● **Task brief**:
Nothing is to be altered; the data must be repeated exactly.

^^^^^^^^^^^^^^^^

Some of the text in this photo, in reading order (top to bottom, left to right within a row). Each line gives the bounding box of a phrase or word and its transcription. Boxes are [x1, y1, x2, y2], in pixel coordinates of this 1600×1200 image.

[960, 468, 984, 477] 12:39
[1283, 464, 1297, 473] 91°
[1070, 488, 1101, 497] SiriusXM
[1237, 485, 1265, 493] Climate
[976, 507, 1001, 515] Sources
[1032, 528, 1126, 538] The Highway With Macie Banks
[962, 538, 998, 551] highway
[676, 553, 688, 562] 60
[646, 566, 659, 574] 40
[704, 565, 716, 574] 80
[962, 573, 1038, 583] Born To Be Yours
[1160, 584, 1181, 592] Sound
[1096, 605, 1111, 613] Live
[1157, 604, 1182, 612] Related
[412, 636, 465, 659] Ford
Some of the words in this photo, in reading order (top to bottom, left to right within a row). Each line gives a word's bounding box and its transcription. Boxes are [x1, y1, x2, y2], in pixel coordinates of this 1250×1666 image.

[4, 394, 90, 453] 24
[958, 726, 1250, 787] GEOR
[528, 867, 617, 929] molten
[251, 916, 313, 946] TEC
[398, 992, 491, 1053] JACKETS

^^^^^^^^^^^^^^^^

● **Finished task**:
Some of the text in this photo, in reading order (top to bottom, left to right within a row). Each line gives the bounding box of a phrase or word and its transcription. Boxes are [x1, y1, x2, y2], in pixel coordinates of this 1600×1200 image.

[960, 468, 984, 477] 12:39
[1283, 464, 1297, 473] 91°
[1070, 488, 1101, 497] SiriusXM
[1237, 485, 1265, 493] Climate
[976, 507, 1001, 515] Sources
[1032, 528, 1126, 538] The Highway With Macie Banks
[962, 538, 998, 551] highway
[676, 553, 688, 562] 60
[646, 566, 659, 574] 40
[704, 565, 716, 574] 80
[962, 573, 1038, 583] Born To Be Yours
[1160, 584, 1181, 592] Sound
[1096, 605, 1111, 613] Live
[1157, 604, 1182, 612] Related
[412, 636, 465, 659] Ford
Some of the words in this photo, in reading order (top to bottom, left to right within a row). Each line gives a word's bounding box and its transcription. Boxes are [x1, y1, x2, y2], in pixel coordinates of this 1250×1666 image.

[4, 394, 90, 453] 24
[958, 726, 1250, 787] GEOR
[528, 867, 617, 929] molten
[251, 916, 313, 946] TEC
[398, 992, 491, 1053] JACKETS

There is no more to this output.